Published May 2020 in JAMA Network, the research analyzed semen from 38 COVID-19 patients and found the presence of the virus in 15 percent of the samples. The study also finds “no significant difference between negative and positive test results for patients by age, urogenital disease history, days since onset, days since hospitalization, or days since clinical recover.”

KTSM reports researcher Dr. John Aitken confirms the effect COVID-19 can have on reproductive organs. He finds active cases of coronavirus can
“dramatically reduce testosterone to luteinizing hormones. Reduction in testosterone has a significant impact on the body’s responsiveness to Leydig cells that stimulate the secretion of sex steroids.”

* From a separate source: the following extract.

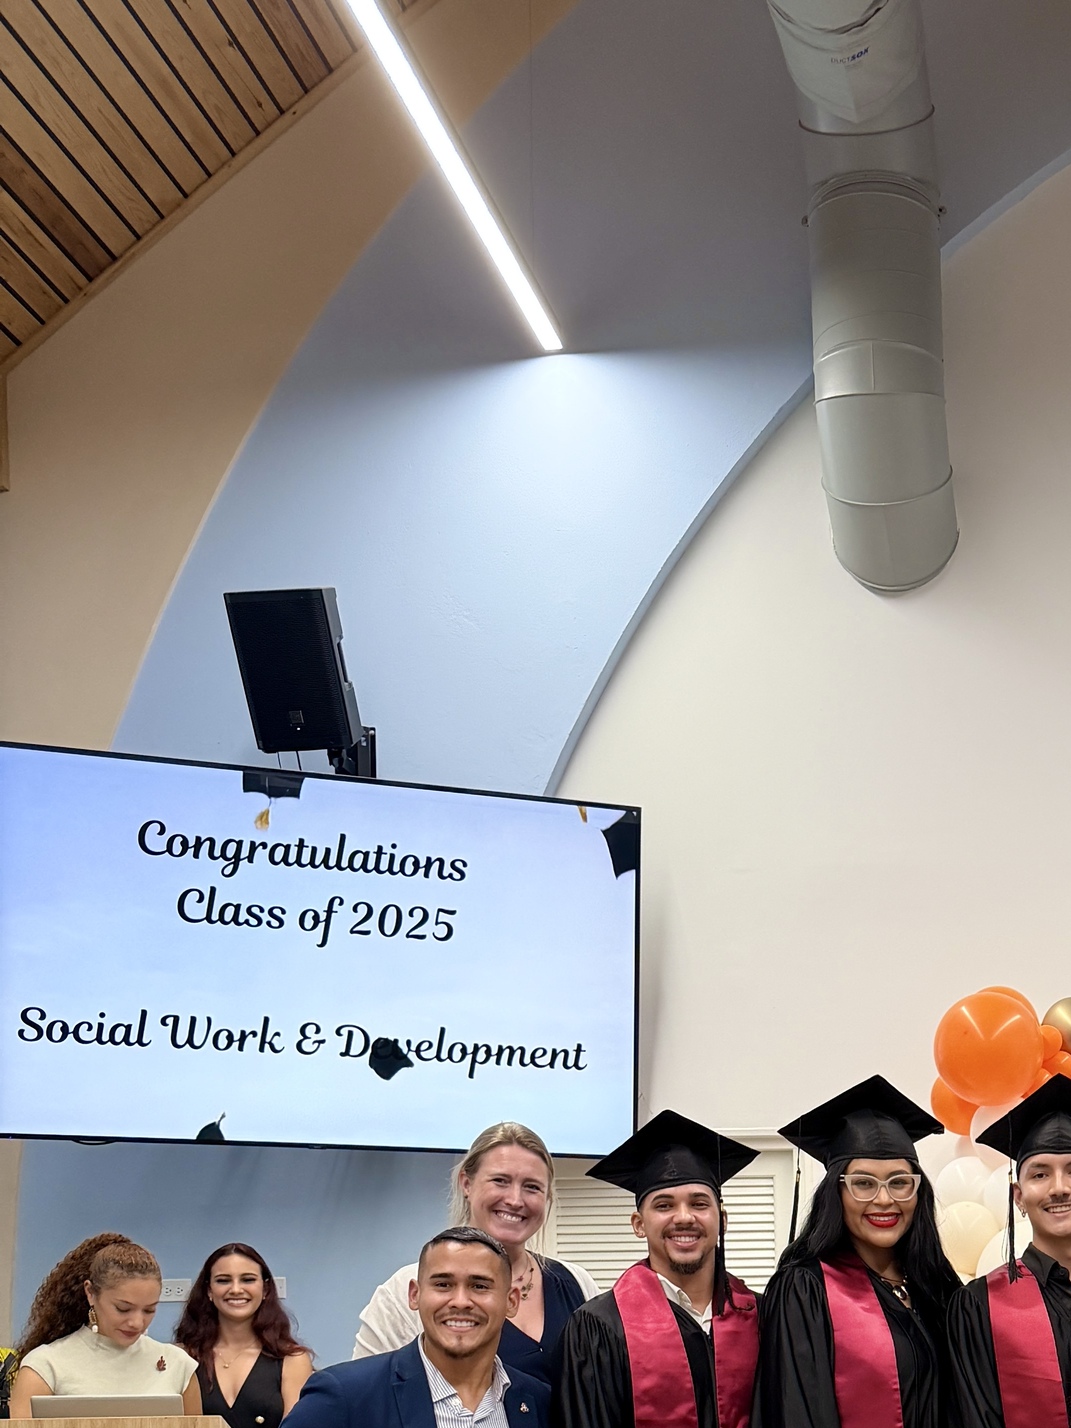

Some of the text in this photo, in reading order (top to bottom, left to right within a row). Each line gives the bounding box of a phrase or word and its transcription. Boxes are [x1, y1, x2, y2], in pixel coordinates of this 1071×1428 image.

Dr. Aitken also claims the possible sexual transmission of COVID-19 can be compared to the similar sharing of the Zika virus, a mosquito-borne, disease that can cause birth defects.

“It should be emphasized spermatozoa have a demonstrable capacity to carry viral infections from the male to the female reproductive tract,” Dr. Aitken says to KTSN. He continues, “As happens during the sexual transmission of Zika, for example.”

READ MORE: New data confirms Black and Latino communities hit hardest by coronavirus pandemic

COVID-19, first detected in Wuhan, China in December 2019 remains mostly mysterious as scientists and researchers still work towards cure or vaccine. A CDC update provided July 15, 2020, indicates 3,416,428 total cases of the coronavirus and 135,991 deaths in the United States.